5. Cleveland Gary. Eleven not-so-funny things happened on the way to a 1,000-yard season. Sadder still was the sight of Gary, post-benching, getting in his few carries a game and wrapping both arms around the football as if it was filled with plutonium. Come back next year, Cleveland, all is forgiven.
6. Bert Blyleven. You had a feeling it was a coming. At 39, he wasn’t going to toss up another 17-5. But 8-7, 5.24 earned-run average and no starts after Aug. 10 because of a bum shoulder? Anyone ever win Comeback of the Year twice in three years?
7. Devon White. Do we even have to get into it?
8. The Angels. Thirty years of pennant-less baseball and proud of it. They went from 91 victories to 80, were non-factors from May on, and the best thing they did all season was extend Doug Rader’s contract through 1992. Originally, the Angels offered one year but Rader held out for two. It’s his life.
9. Fullerton football. This was supposed to be a rebuilding season, but no one ordered a wrecking ball. The Titans got lost somewhere on the way to Mississippi State--their trip to Starkville was a 17-hour nightmare of cancelled flights and missed connections--and they never made it back. Trivia note: The only opponent Fullerton beat was Division II Sonoma State, 38-24, in the opener. Not-so-trivial note: The Titans were ranked No. 105 going into their season finale against No. 106 New Mexico State. There is no No. 107. Fullerton lost, 43-9.
10. Irvine basketball. In the post-season review handed out by the Irvine sports information department, it reads: “UCI endured a 5-23 season, the worst record in the 25-year history of the program, but did win three of its last six games to finish the year on a fairly upbeat note.” It’s those first 22 games that kill you.

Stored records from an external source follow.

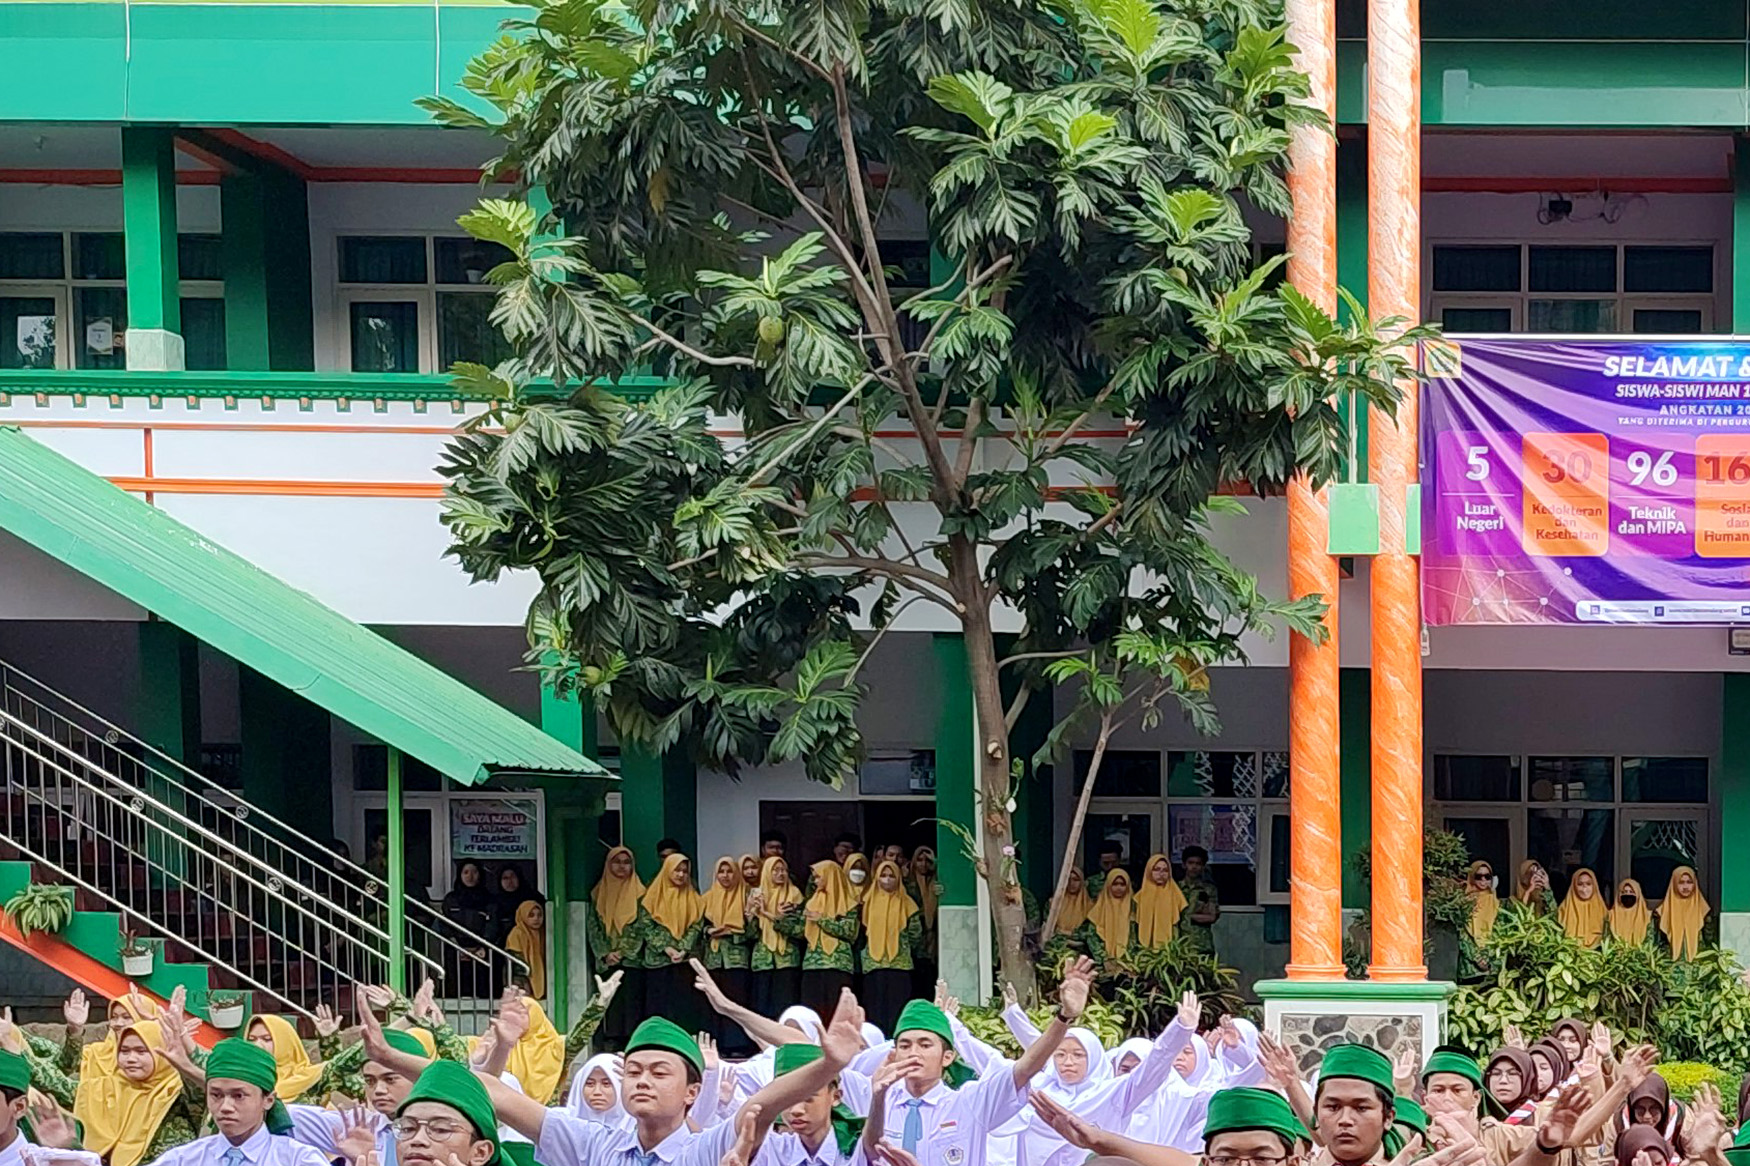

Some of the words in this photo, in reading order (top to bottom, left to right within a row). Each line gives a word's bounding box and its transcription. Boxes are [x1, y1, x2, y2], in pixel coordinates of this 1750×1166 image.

[1603, 355, 1734, 377] SELAMAT
[1615, 383, 1704, 399] SISWA-SISWI
[1706, 384, 1741, 398] MAN
[1660, 404, 1733, 415] ANGKATAN
[1618, 417, 1644, 425] YANG
[1646, 417, 1694, 426] DITERIMA
[1697, 418, 1708, 426] DI
[1465, 446, 1490, 481] 5
[1542, 449, 1592, 484] 30
[1627, 451, 1678, 486] 96
[1465, 501, 1496, 515] Luar
[1532, 504, 1603, 516] Kedokteran
[1629, 506, 1677, 520] Teknik
[1457, 516, 1504, 531] Negeri
[1555, 517, 1577, 528] dan
[1618, 520, 1646, 534] dan
[1647, 521, 1687, 535] MIPA
[1726, 517, 1750, 528] dan
[1536, 529, 1599, 541] Kesehatan

11. Georgia Frontiere/John Shaw. Their fiscal policy finally crippled their team. Too many unhappy players holding out of training camp. Too many useful Plan B free agents going to teams willing to pay for them. The No. 20 payroll in a 28-team league. And Robinson is to blame for 5-10?
12. John Robinson. He didn’t help, either. His choice of veteran tailbacks--Warner over Bell--eventually left him with no experienced hand when Gary’s began to quiver. His retooled defense never should have made it out of the shed. He played it too safe against Cincinnati--settling for a field goal near the end of regulation, punting on fourth and inches in overtime--when a victory might have turned around the season. He’s a good coach who didn’t deserve last month’s round of Job Jeopardy, but this is one year to leave off the resume.

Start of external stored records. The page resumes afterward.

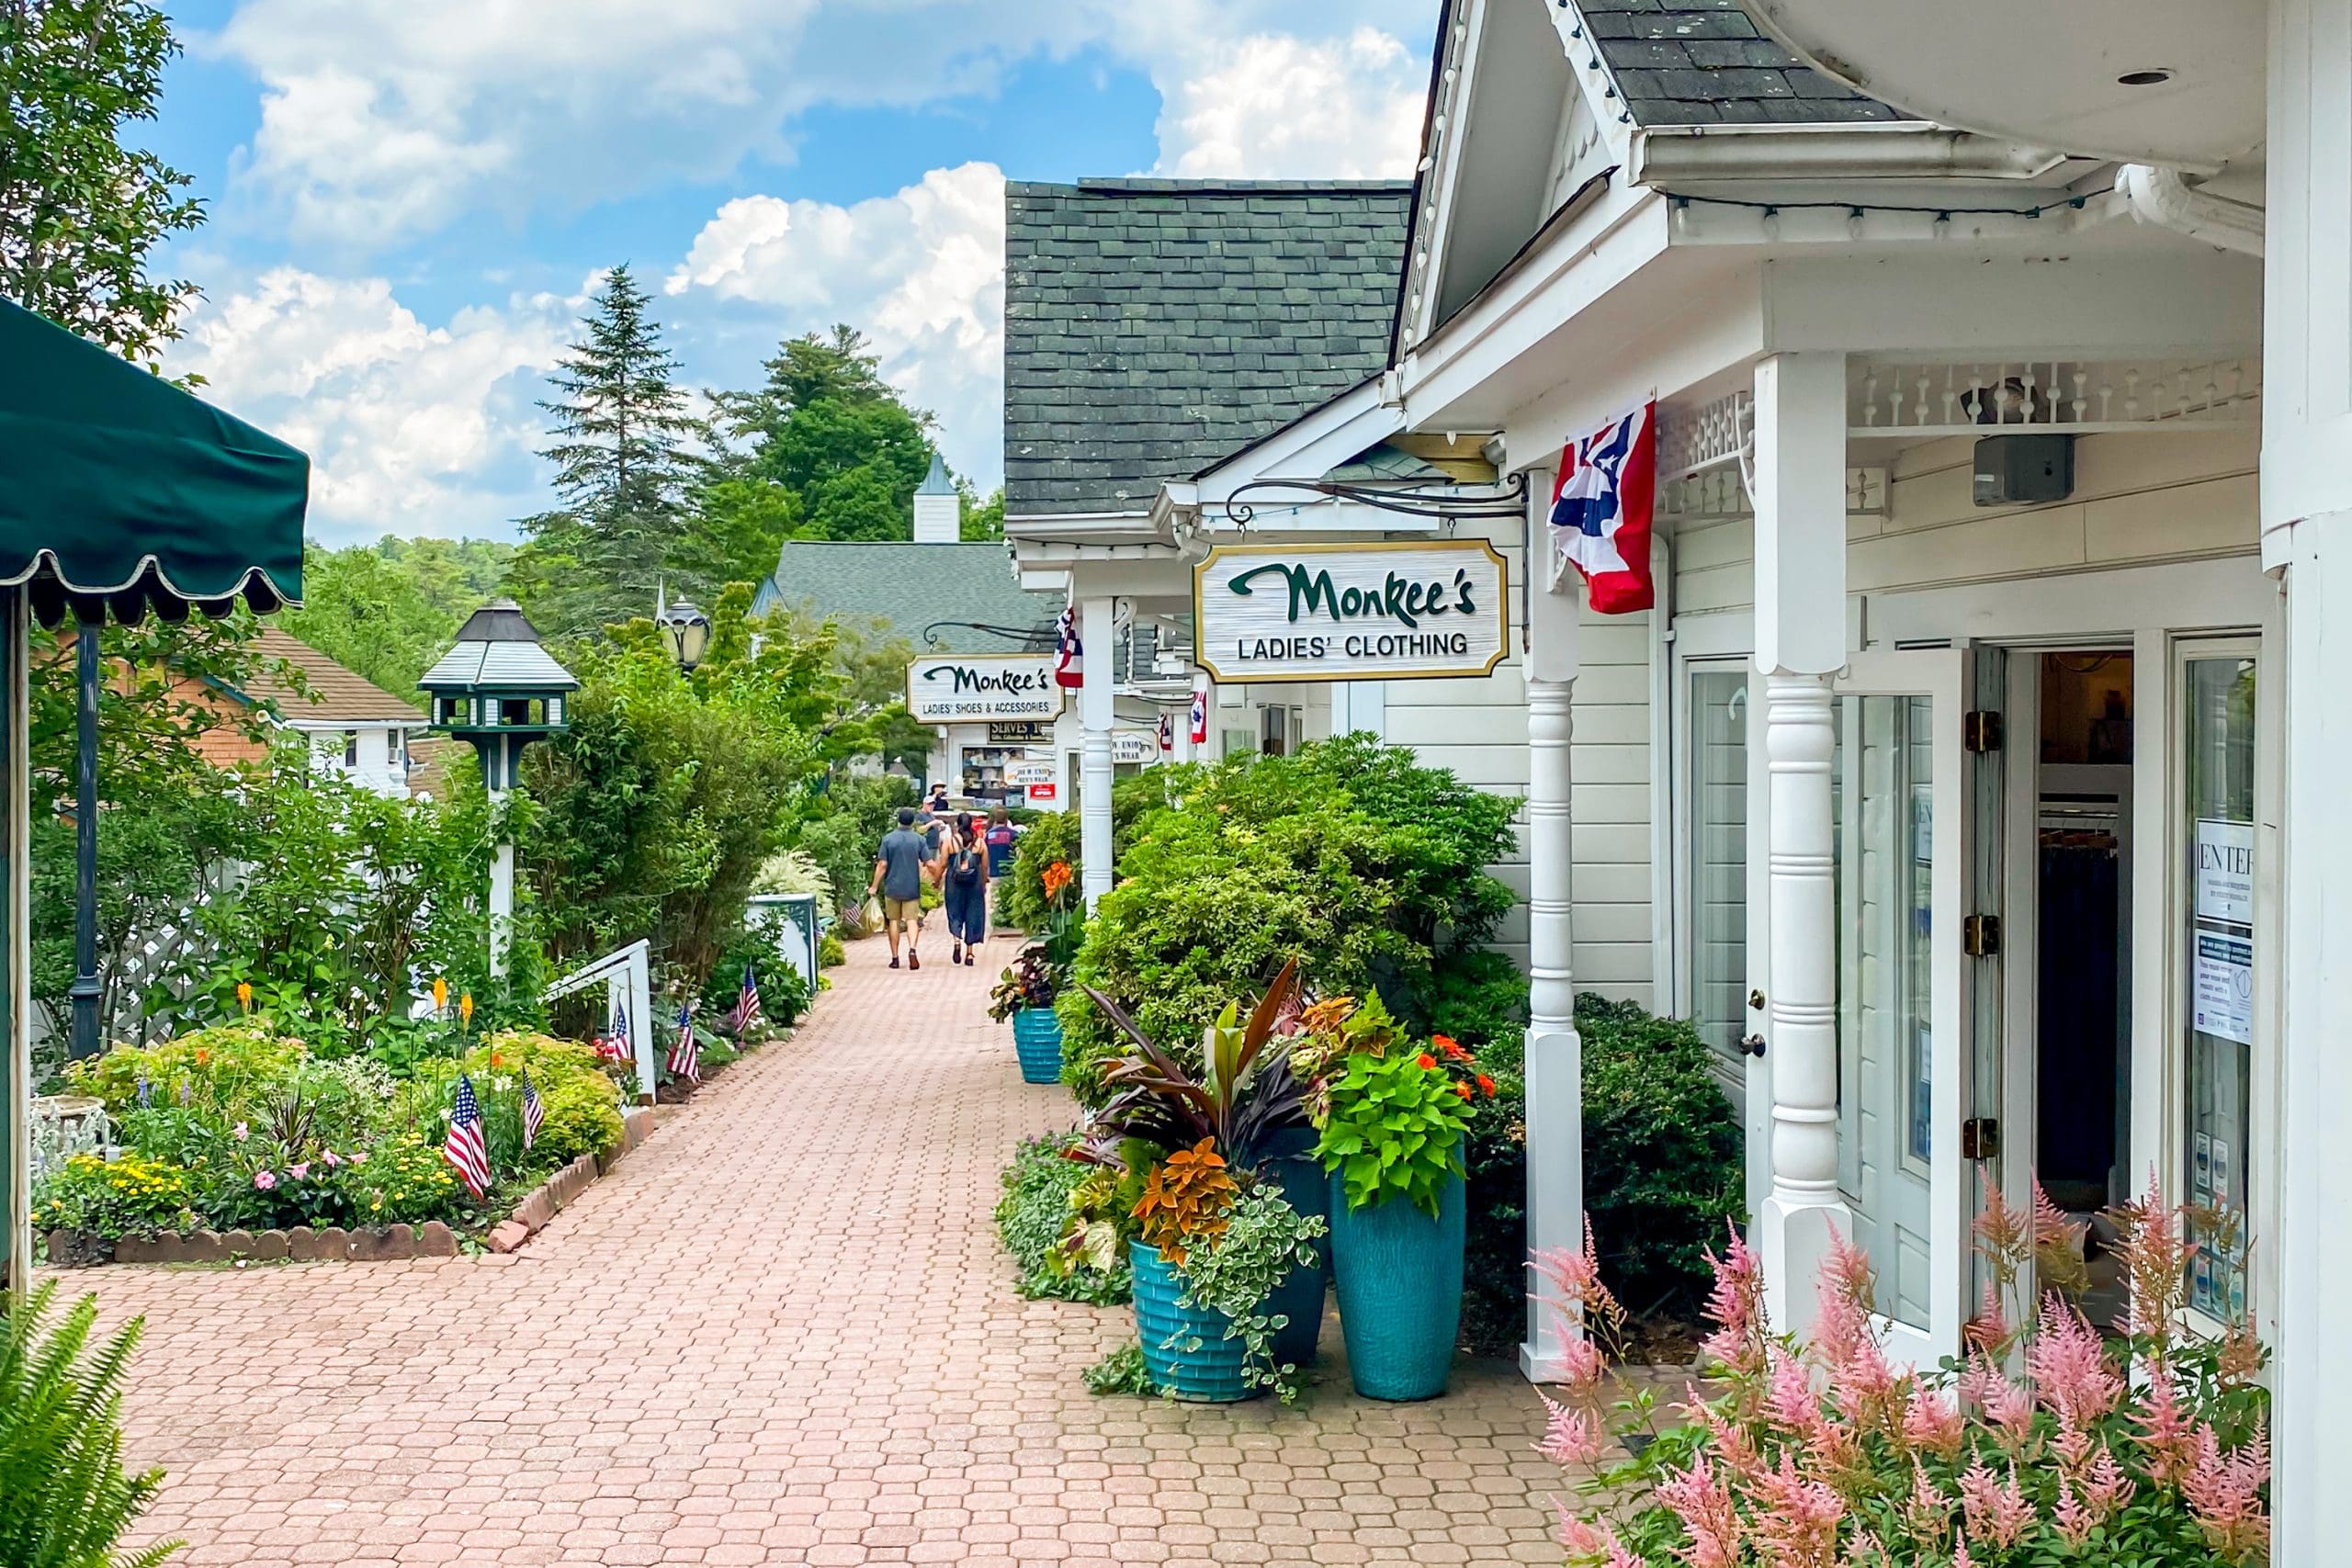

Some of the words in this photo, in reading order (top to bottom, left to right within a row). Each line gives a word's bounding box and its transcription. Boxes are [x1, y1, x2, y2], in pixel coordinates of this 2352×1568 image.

[1227, 563, 1476, 628] Monkee's
[1238, 637, 1332, 660] LADIES'
[1345, 633, 1468, 657] CLOTHING
[922, 665, 1049, 696] Monkee's
[922, 704, 954, 715] LADIES'
[956, 703, 982, 714] SHOES
[986, 703, 991, 713] &
[995, 702, 1049, 713] ACCESSORIES
[991, 722, 1028, 734] SERVES
[1121, 751, 1140, 761] WEAR

13. Mike Port. Waited too long to trade for a hitter. Waited too long to trade for Winfield. Waited too long to trade away White. By year’s end, another wait was over--he had a new boss, CEO Richard Brown.
14. Bret Johnson. The Rivalry Doesn’t Continue. Bret broke up the Johnson-Marinovich wars before their time by balking at his benching by Terry Donahue and bailing to Michigan State. For this, Johnson incurred the wrath of a good many sportswriters-- Brat Johnson became the new handle--but Johnson saw something they obviously hadn’t: Tommy Maddox.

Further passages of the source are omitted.